VLT: Auditoria culpa Silval e ex-secretário

A Controladoria Geral do Estado aponta que o ex-governador é suspeito de cometer crimes de prevaricação e improbidade administrativa

O resultado final da auditoria produzida pela Controladoria Geral do Estado (CGE) responsabiliza diretamente pelas falhas nas obras do VLT o ex-governador Silval Barbosa (PMDB), o ex-secretário extraordinário da Copa do Mundo, Maurício Guimarães, e o ex-secretário adjunto de Infraestrutura e Desapropriações da Secopa, Alysson Sander de Souza.

Todos são suspeitos de cometer crimes de prevaricação, improbidade administrativa, crime de possibilitar vantagem ao particular durante a execução de contrato administrativo e descumprimento dos deveres funcionais dos servidores públicos.

Segundo o texto, embora alertados por órgãos fiscalizadores, todos foram omissos em não adotar medidas efetivas para coibir irregularidades na execução do contrato de implantação do VLT e penalizar as empreiteiras nos primeiros sinais de má condução dos serviços, o que poderia ser identificado logo no começo de 2013.

O governador Pedro Taques (PDT) determinou a abertura de Processo Administrativo Disciplinar para apurar a conduta de Maurício Guimarães e Alysson Sander de Souza. Ambos são servidores públicos efetivos do Estado.

O pedetista ainda determinou que o resultado da auditoria seja encaminhado a oito órgãos fiscalizadores que são a Controladoria Geral da União (CGU), Tribunal de Contas do Estado (TCE), Ministério Público Estadual (MPE), Ministério Público Federal (MPF), Ministério Público de Contas (MPC), Assembleia Legislativa e ainda ao Ministério da Fazenda e Caixa Econômica Federal (CEF).

A auditoria identificou que apesar dos sucessivos alertas aos responsáveis pela obra, houve omissão para resolver 53% das irregularidades, das quais se incluem de natureza grave como a baixa resistência à compressão do concreto de pilares do Viaduto do Aeroporto, em Várzea Grande, e do Viaduto da Sefaz, localizado na Avenida do CPA.
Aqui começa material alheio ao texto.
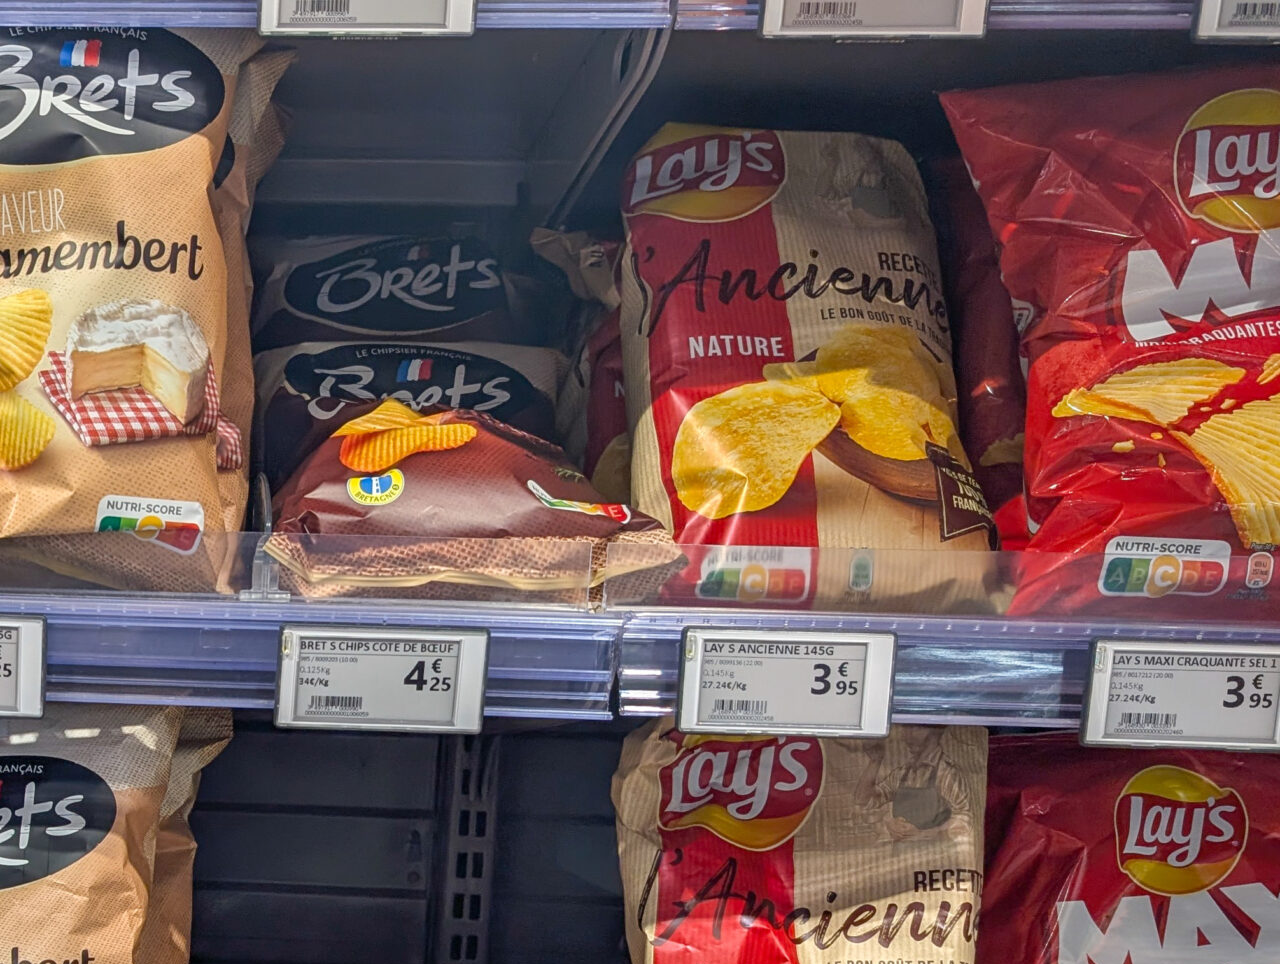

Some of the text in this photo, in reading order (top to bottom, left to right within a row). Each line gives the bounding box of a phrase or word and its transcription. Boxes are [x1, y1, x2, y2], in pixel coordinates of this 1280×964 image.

Os secretários Maurício Guimarães e Alysson de Souza tinham acesso aos relatórios produzidos mensalmente pela empresa Planserv, responsável pela fiscalização das obras, que identificaram diversas irregularidades na obra conduzida pela extinta Secopa. Em janeiro, a CGE ainda descobriu relatórios ocultos aumentando assim indícios de omissão.

Maurício Guimarães veio a favorecer as empreiteiras ao retardar a aplicação de multas em caráter administrativo pelos atrasos na obra. A primeira no valor de R$ 17.616.721,48 e, a outra, de R$ 107.445,63.

Em 21 de janeiro de 2014 o então secretário da Secopa, Maurício Guimarães, foi notificado sobre a sugestão de multa de pouco mais de R$ 17 milhões. A auditoria mostra que nos meses subsequentes o secretário foi rememorado de que os problemas com projetos e cronograma das obras persistiam.

Somente em 20 e 23 de outubro de 2014, ou seja, um ano após o pedido de multa, é que Maurício Guimarães teria dado o “de acordo” para duas multas ao consórcio construtor.

A auditoria constatou que em setembro de 2013 a Comissão de Fiscalização e Alysson, mobilizados pelos alertas da gerenciadora da obra e da Caixa Econômica Federal, decidiram expedir a notificação via ofício nº 491/2013 ao Consórcio VLT Cuiabá, responsável pela construção da obra. Mas, tudo não passou de uma mera ameaça de punição, mesmo com os problemas existentes na construção.

O relatório da auditoria relata que no mesmo mês, reiteraram o alerta ao consórcio construtor sobre os atrasos apresentados na obra, cobrando ainda que os serviços fossem realizados em três turnos em todas as frentes de trabalho, conforme previsto no edital e no contrato. Entretanto, o pedido não foi atendido.